Failed to find API for data from https://ocrdata.ed.gov/flex/Reports.aspx?type=school
<br>Using Python library Selenium to control Chrome browser and automate typing, clicking, and saving.

In [None]:
from pathlib import Path
from selenium import webdriver
from selenium.webdriver.common.by import By
from selenium.webdriver.support.ui import WebDriverWait
from selenium.webdriver.support import expected_conditions as EC
import time
import pandas as pd

## Download Discrimination Specific Data

In [None]:
def grab_data(city, state, new_path):
    retries = 0
    while retries < 4:
        try:
            # Using Chrome to access web
            driver = webdriver.Chrome()

            # Open the website
            driver.get('https://ocrdata.ed.gov/flex/Reports.aspx?type=school')

            # Find city box
            city_box = driver.find_element_by_id("ctl00_div_ucSearch_tbSearchCity")

            # Send city information
            city_box.send_keys(city)

            # Find State option box and select desired State
            el = driver.find_element_by_id('ctl00_div_ucSearch_ddlSearchState')
            for option in el.find_elements_by_tag_name('option'):
                if option.text == state:
                    option.click()
                    break

            # Find search button
            search_button = driver.find_element_by_name('ctl00$div$ucSearch$btnSearchParams')
            search_button.click()

            # Find I Accept button
            buttons = driver.find_elements_by_xpath("//*[contains(text(), 'I Accept')]")
            for btn in buttons:
                btn.click()  

            # Explicit Wait
            bully_box = WebDriverWait(driver, 20).until(EC.presence_of_element_located((By.ID, "ctl00_div_ucReportsList_reportGroupRepeater_ctl02_reportListRepeater_ctl01_reportLink")))
            bully_box.click()

            # Custom function for Explicit Wait
            # The Export button is available before it is "clickable", need to wait
            def find(driver):
                export_button = driver.find_element_by_name('ctl00$div$ucReportViewer$btnExport')
                if export_button:
                    try: 
                        export_button.click()
                        return True
                    except:
                        return False
                else:
                    return False

            secs = 120
            export_button = WebDriverWait(driver, secs).until(find)

            # Wait until file dowloads
            download_path = Path('/Users/kevinwebb/Downloads/')
            csv_list = [csv_file for csv_file in download_path.glob('*.csv')]
            while not csv_list:
                csv_list = [csv_file for csv_file in download_path.glob('*.csv')]

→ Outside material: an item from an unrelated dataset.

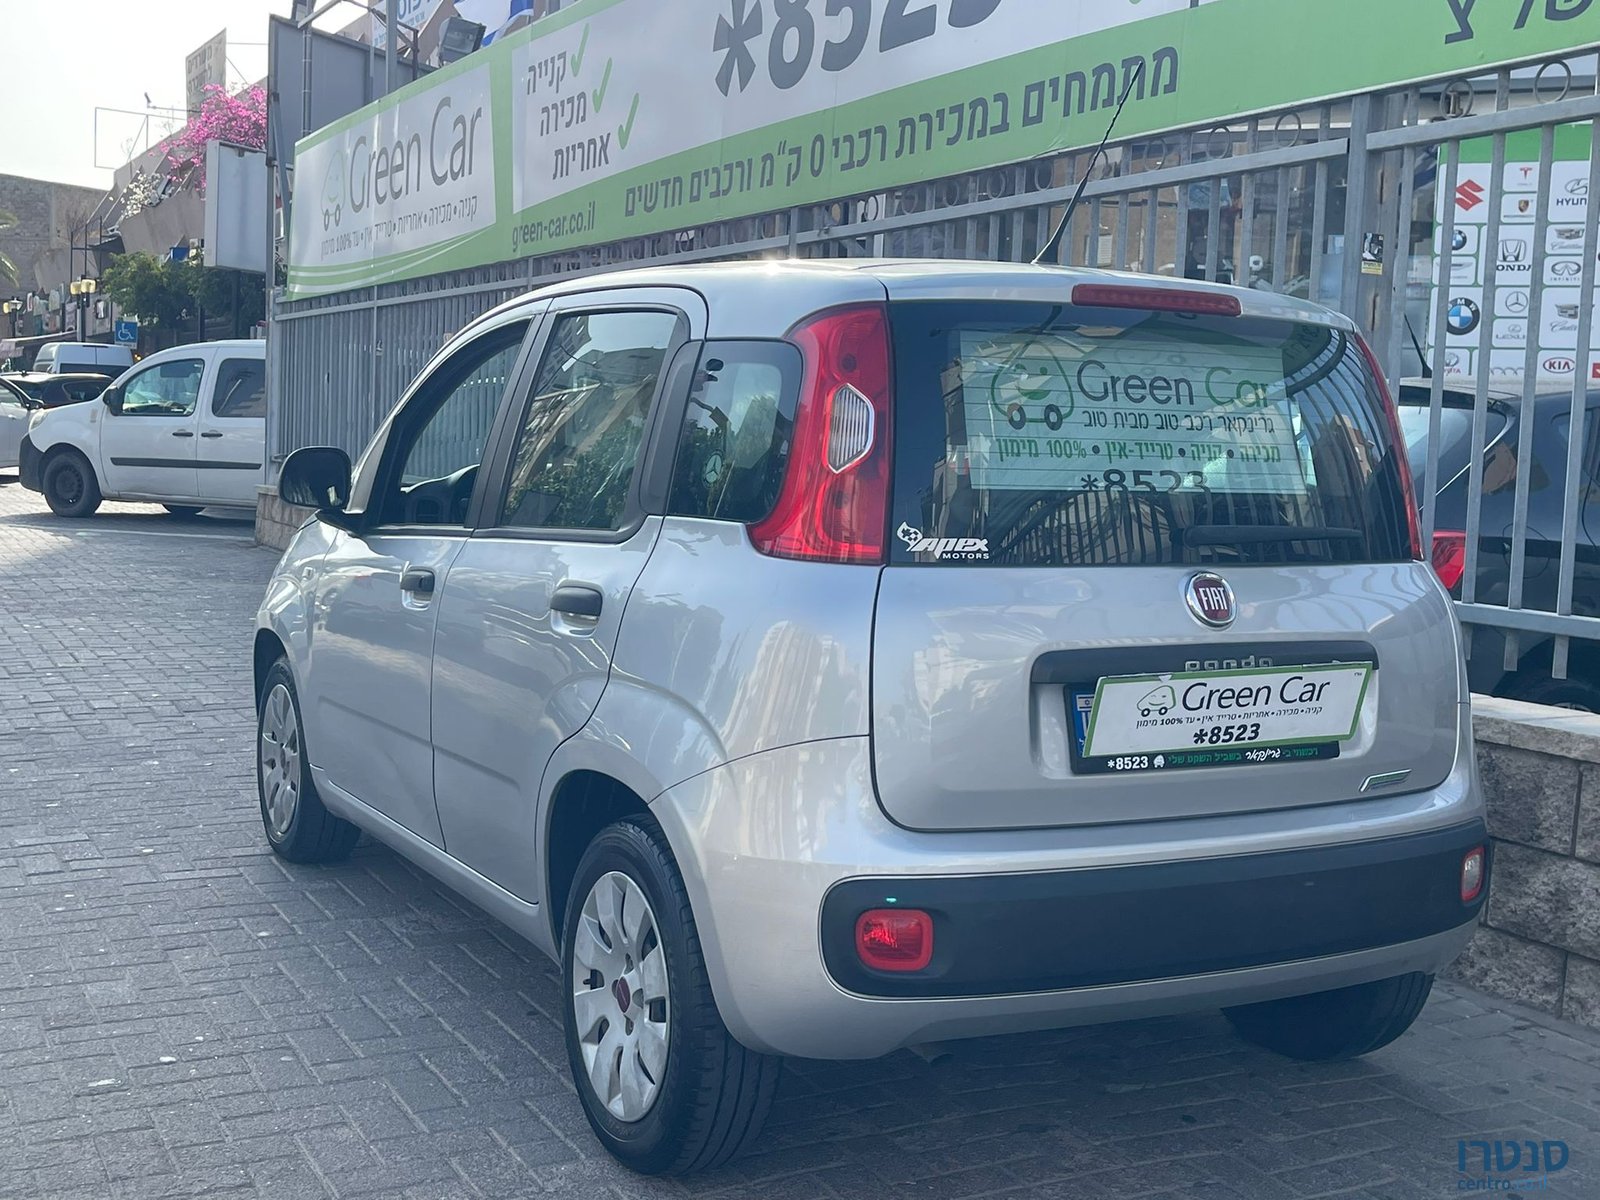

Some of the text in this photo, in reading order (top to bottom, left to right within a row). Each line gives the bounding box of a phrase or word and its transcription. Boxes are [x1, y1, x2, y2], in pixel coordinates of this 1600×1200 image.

            # Move and rename file
            csv_path = csv_list[0]
            city_csv = city + ".csv"
            csv_path.rename(new_path + city_csv)
            csv_path = csv_list[0]
            if csv_path.exists():
                csv_path.unlink()

            driver.quit()
            break

        except Exception as e:
            print("{} Attempt: {}".format(city, retries))
            driver.quit()
            retries += 1

In [None]:
# Read in all cities in the USA
# This is needed to grab data from every city from the Civil Rights Data Collection
geo_df = pd.read_csv('https://raw.githubusercontent.com/grammakov/USA-cities-and-states/master/us_cities_states_counties.csv',delimiter="|")

# We'll be examing Georgia in this analysis
ga_cities = geo_df[geo_df["State short"] == "GA"].City.unique()

In [None]:
for city in ga_cities:
    grab_data(city,"Georgia","georgia/")

## Download Teacher Specific Data

In [None]:
def grab_teacher_data(city, state, new_path):
    retries = 0
    while retries < 4:
        try:
            # Using Chrome to access web
            driver = webdriver.Chrome()

            # Open the website
            driver.get('https://ocrdata.ed.gov/flex/Reports.aspx?type=school')

            # Find city box
            city_box = driver.find_element_by_id("ctl00_div_ucSearch_tbSearchCity")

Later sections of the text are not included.